What world governments do and don’t do, next time, should be based on what we’ve learned this time. Some things worked much better than others; a fact which will only become more clear with time.
In time, we will also find out the long-term cost of some of the more unprecedented steps we took to combat COVID19. How much did kids lose who were kept out of school?
How many small businesses did Main Street lose?
How did the rent moratorium change the residential renting industry?
The policy of making it impossible for property owners to enforce rent payment during the pandemic was met with approval on the far-left and some trepidation by moderates.
A rental property, progressives argued, is an investment- not guaranteed to work out. Sometimes investments lose money, that’s life. A property owner losing money on an investment is better than a family being evicted from their home during a pandemic when everything is shut down and they might not be able to work.
Like all great lies, all of that is true. And it’s all wrong.
A rental property is an investment without a guaranteed return. Investments do lose money. That is better than a family being evicted during a pandemic.
The lie is in the false dichotomy. Progressives presented this argument as a false choice: A moratorium on rent or mass evictions.
Many countries who took measures to prevent people from being evicted for nonpayment of rent also took steps to ensure rental-property owners weren’t left holding the bag.
Perhaps progressives think property owners deserve to hold the bag but that isn’t the point.
The real point is: Who wants to hold the bag now?
Going forward, who is getting into the residential rental industry?
Who is getting out?
The answers to these questions are why this particular COVID19 mitigation policy needs improvement for our next bout with our microscopic adversaries.
For now, investments in the residential property industry have become high-risk. Risk-adverse investors are getting out- retired couples who own a couple of properties to supplement their Social Security income, small-scale property owners, fix-up hobbyists.
Sub-prime lenders are moving in.
Well; they would. Who else invests in high-risk investments?
Given the increased risk of default on a financial lease agreement, the new titans of the rental industry and larger corporations keen on mitigating that risk are going to take steps we know well from other sub-prime lending situations.
The bottom line is less for more.
Renters will be forced to pay sub-prime landlords more for less. Sub-prime lenders always have to charge more to compensate for those who default. Rental property management companies, old and new, will take other steps to mitigate risk as well: Requiring six months or a year of rent instead of the old standard of first and last month’s; more stringent credit, background and reference checks.

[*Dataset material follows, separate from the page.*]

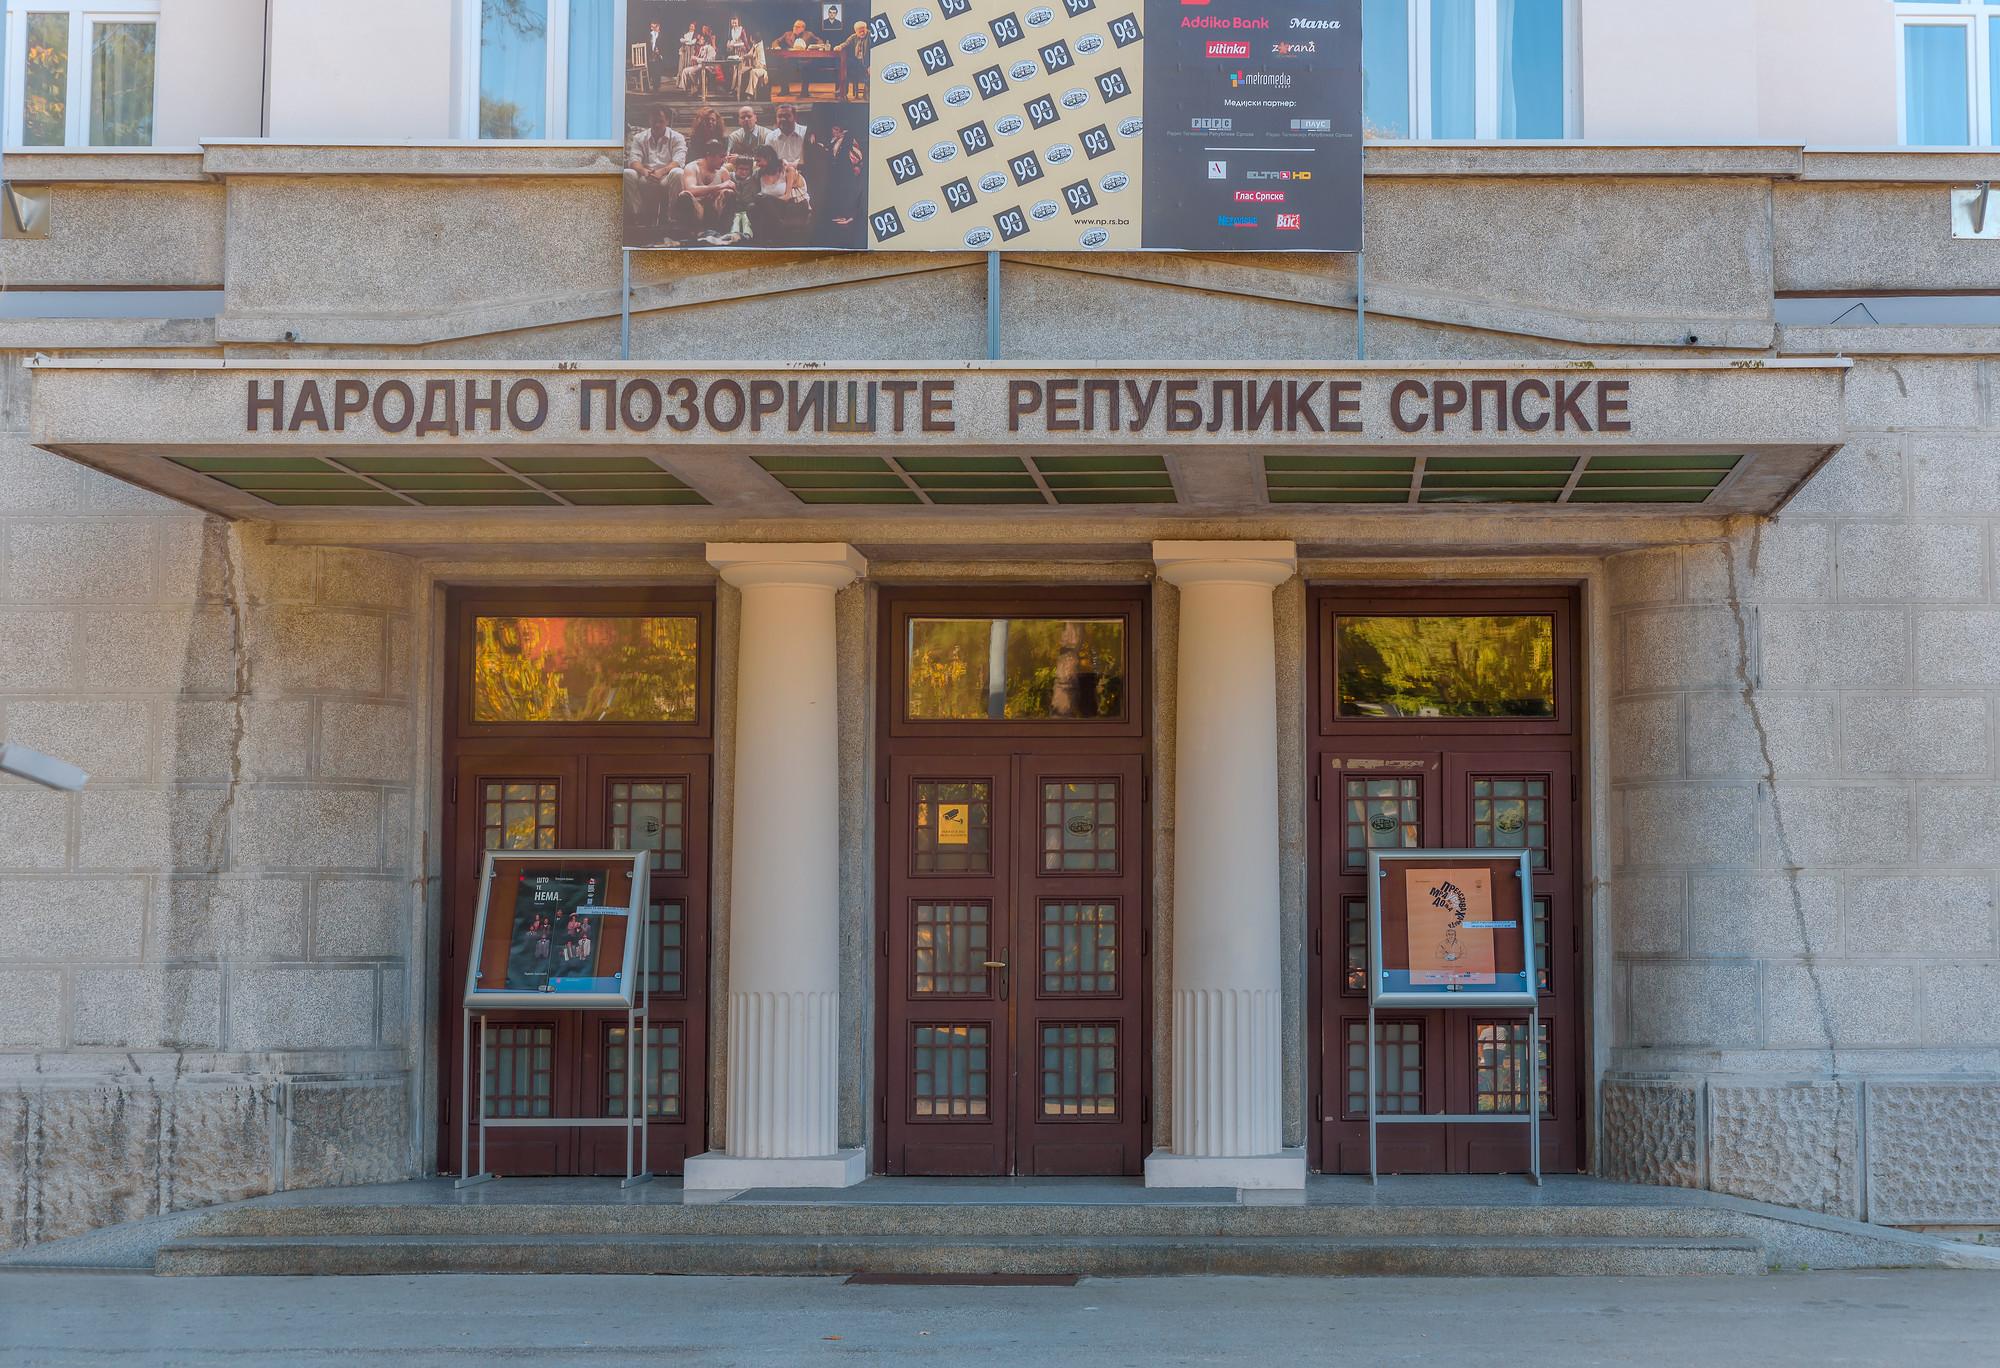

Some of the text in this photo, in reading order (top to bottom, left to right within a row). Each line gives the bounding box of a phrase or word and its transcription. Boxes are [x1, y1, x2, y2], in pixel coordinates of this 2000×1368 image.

The result of this, is that rent is up- in some places as much as 40%- and it isn’t going back down.
Probably not for a very long time, if ever. To improve the rental property market, and attract risk-adverse investors again, will take a great deal of work by legislators, lawmakers and even local governments.
The industry might never recover.
With so many renters facing impossible increases, the options are limited: You can’t force people to invest in the rental property industry. They might do it to make a profit, but no one goes into business, makes an investment, rents out a house expecting to lose money.
The only other option, of course, for economically disadvantaged renters- who will increasingly be priced out of the market by rising rents- will be government housing.
Government housing, it should be noted, does not have a sterling reputation.
The answer to this conundrum, though it comes too late, wasn’t less government housing, however: It was more.
Subsidizing every rental property owner, compensating them under current government housing statutes, would have had a completely different net result. The rental market might, even now, be settling back into a pre-COVID19 normalcy.
Buying a rental property might still be a low-risk undertaking attracting plenty of cottage investors.
Instead, higher rents are here to stay.